## DIRECTIONS FOR THIS TASK
Every line of the records counts; transcribe each one exactly.

## RECORDS PROVIDED
↓↓↓
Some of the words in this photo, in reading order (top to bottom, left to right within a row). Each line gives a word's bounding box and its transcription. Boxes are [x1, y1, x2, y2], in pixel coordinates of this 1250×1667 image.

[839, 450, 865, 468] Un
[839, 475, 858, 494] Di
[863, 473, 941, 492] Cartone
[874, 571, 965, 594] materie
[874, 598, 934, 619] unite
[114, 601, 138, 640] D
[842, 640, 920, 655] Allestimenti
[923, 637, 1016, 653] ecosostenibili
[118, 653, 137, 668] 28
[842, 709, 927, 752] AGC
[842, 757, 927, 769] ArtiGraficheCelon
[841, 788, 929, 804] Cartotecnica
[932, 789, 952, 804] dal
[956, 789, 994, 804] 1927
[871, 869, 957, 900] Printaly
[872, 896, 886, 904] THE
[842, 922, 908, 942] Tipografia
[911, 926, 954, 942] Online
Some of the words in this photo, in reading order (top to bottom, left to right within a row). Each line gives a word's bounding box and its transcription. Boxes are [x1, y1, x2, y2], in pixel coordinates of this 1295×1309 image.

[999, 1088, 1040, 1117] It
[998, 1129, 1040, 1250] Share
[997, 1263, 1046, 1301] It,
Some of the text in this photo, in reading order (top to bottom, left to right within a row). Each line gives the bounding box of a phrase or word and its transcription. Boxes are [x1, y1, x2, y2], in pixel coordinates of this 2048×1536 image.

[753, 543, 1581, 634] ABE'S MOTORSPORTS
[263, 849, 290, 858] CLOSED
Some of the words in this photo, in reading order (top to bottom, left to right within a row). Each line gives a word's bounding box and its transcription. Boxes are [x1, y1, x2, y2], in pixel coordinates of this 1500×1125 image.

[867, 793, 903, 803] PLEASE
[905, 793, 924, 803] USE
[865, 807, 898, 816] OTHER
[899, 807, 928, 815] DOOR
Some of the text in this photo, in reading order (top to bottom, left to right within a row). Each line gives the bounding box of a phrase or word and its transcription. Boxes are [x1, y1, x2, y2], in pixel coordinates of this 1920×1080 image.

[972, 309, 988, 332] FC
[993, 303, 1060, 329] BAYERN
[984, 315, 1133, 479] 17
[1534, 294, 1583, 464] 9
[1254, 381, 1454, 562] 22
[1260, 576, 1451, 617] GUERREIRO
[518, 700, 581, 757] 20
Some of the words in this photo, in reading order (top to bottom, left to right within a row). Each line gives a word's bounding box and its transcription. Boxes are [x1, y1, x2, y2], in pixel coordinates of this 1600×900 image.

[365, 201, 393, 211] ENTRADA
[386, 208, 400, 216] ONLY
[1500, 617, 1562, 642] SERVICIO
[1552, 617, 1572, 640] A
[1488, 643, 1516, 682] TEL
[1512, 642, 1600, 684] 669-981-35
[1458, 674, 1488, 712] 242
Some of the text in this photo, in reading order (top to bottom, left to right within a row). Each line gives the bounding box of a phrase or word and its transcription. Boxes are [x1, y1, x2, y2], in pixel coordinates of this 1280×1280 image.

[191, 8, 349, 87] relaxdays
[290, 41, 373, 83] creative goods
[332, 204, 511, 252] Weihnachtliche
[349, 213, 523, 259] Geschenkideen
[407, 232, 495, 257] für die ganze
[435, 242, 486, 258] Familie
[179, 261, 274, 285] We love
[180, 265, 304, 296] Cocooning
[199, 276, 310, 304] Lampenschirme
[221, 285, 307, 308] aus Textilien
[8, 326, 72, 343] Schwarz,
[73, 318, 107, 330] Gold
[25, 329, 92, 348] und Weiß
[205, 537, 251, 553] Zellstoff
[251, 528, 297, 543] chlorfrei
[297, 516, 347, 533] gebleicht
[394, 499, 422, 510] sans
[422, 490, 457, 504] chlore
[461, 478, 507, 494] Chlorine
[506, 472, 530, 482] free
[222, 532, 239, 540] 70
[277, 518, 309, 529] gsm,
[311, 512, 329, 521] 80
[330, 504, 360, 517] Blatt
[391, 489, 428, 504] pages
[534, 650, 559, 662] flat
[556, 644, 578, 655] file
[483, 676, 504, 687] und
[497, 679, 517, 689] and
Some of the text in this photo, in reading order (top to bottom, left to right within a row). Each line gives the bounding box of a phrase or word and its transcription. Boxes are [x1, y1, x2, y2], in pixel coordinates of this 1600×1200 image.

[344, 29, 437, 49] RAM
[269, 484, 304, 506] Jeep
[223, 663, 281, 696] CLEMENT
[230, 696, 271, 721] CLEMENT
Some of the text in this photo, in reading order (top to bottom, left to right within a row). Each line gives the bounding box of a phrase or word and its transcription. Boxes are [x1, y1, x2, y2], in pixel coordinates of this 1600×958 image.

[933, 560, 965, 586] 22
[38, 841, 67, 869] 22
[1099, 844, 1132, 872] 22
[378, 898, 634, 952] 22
↑↑↑
## TASK OUTPUT
Some of the words in this photo, in reading order (top to bottom, left to right within a row). Each line gives a word's bounding box and its transcription. Boxes are [x1, y1, x2, y2], in pixel coordinates of this 1250×1667 image.

[839, 450, 865, 468] Un
[839, 475, 858, 494] Di
[863, 473, 941, 492] Cartone
[874, 571, 965, 594] materie
[874, 598, 934, 619] unite
[114, 601, 138, 640] D
[842, 640, 920, 655] Allestimenti
[923, 637, 1016, 653] ecosostenibili
[118, 653, 137, 668] 28
[842, 709, 927, 752] AGC
[842, 757, 927, 769] ArtiGraficheCelon
[841, 788, 929, 804] Cartotecnica
[932, 789, 952, 804] dal
[956, 789, 994, 804] 1927
[871, 869, 957, 900] Printaly
[872, 896, 886, 904] THE
[842, 922, 908, 942] Tipografia
[911, 926, 954, 942] Online
Some of the words in this photo, in reading order (top to bottom, left to right within a row). Each line gives a word's bounding box and its transcription. Boxes are [x1, y1, x2, y2], in pixel coordinates of this 1295×1309 image.

[999, 1088, 1040, 1117] It
[998, 1129, 1040, 1250] Share
[997, 1263, 1046, 1301] It,
Some of the text in this photo, in reading order (top to bottom, left to right within a row). Each line gives the bounding box of a phrase or word and its transcription. Boxes are [x1, y1, x2, y2], in pixel coordinates of this 2048×1536 image.

[753, 543, 1581, 634] ABE'S MOTORSPORTS
[263, 849, 290, 858] CLOSED
Some of the words in this photo, in reading order (top to bottom, left to right within a row). Each line gives a word's bounding box and its transcription. Boxes are [x1, y1, x2, y2], in pixel coordinates of this 1500×1125 image.

[867, 793, 903, 803] PLEASE
[905, 793, 924, 803] USE
[865, 807, 898, 816] OTHER
[899, 807, 928, 815] DOOR
Some of the text in this photo, in reading order (top to bottom, left to right within a row). Each line gives the bounding box of a phrase or word and its transcription. Boxes are [x1, y1, x2, y2], in pixel coordinates of this 1920×1080 image.

[972, 309, 988, 332] FC
[993, 303, 1060, 329] BAYERN
[984, 315, 1133, 479] 17
[1534, 294, 1583, 464] 9
[1254, 381, 1454, 562] 22
[1260, 576, 1451, 617] GUERREIRO
[518, 700, 581, 757] 20
Some of the words in this photo, in reading order (top to bottom, left to right within a row). Each line gives a word's bounding box and its transcription. Boxes are [x1, y1, x2, y2], in pixel coordinates of this 1600×900 image.

[365, 201, 393, 211] ENTRADA
[386, 208, 400, 216] ONLY
[1500, 617, 1562, 642] SERVICIO
[1552, 617, 1572, 640] A
[1488, 643, 1516, 682] TEL
[1512, 642, 1600, 684] 669-981-35
[1458, 674, 1488, 712] 242
Some of the text in this photo, in reading order (top to bottom, left to right within a row). Each line gives the bounding box of a phrase or word and its transcription. Boxes are [x1, y1, x2, y2], in pixel coordinates of this 1280×1280 image.

[191, 8, 349, 87] relaxdays
[290, 41, 373, 83] creative goods
[332, 204, 511, 252] Weihnachtliche
[349, 213, 523, 259] Geschenkideen
[407, 232, 495, 257] für die ganze
[435, 242, 486, 258] Familie
[179, 261, 274, 285] We love
[180, 265, 304, 296] Cocooning
[199, 276, 310, 304] Lampenschirme
[221, 285, 307, 308] aus Textilien
[8, 326, 72, 343] Schwarz,
[73, 318, 107, 330] Gold
[25, 329, 92, 348] und Weiß
[205, 537, 251, 553] Zellstoff
[251, 528, 297, 543] chlorfrei
[297, 516, 347, 533] gebleicht
[394, 499, 422, 510] sans
[422, 490, 457, 504] chlore
[461, 478, 507, 494] Chlorine
[506, 472, 530, 482] free
[222, 532, 239, 540] 70
[277, 518, 309, 529] gsm,
[311, 512, 329, 521] 80
[330, 504, 360, 517] Blatt
[391, 489, 428, 504] pages
[534, 650, 559, 662] flat
[556, 644, 578, 655] file
[483, 676, 504, 687] und
[497, 679, 517, 689] and
Some of the text in this photo, in reading order (top to bottom, left to right within a row). Each line gives the bounding box of a phrase or word and its transcription. Boxes are [x1, y1, x2, y2], in pixel coordinates of this 1600×1200 image.

[344, 29, 437, 49] RAM
[269, 484, 304, 506] Jeep
[223, 663, 281, 696] CLEMENT
[230, 696, 271, 721] CLEMENT
Some of the text in this photo, in reading order (top to bottom, left to right within a row). Each line gives the bounding box of a phrase or word and its transcription. Boxes are [x1, y1, x2, y2], in pixel coordinates of this 1600×958 image.

[933, 560, 965, 586] 22
[38, 841, 67, 869] 22
[1099, 844, 1132, 872] 22
[378, 898, 634, 952] 22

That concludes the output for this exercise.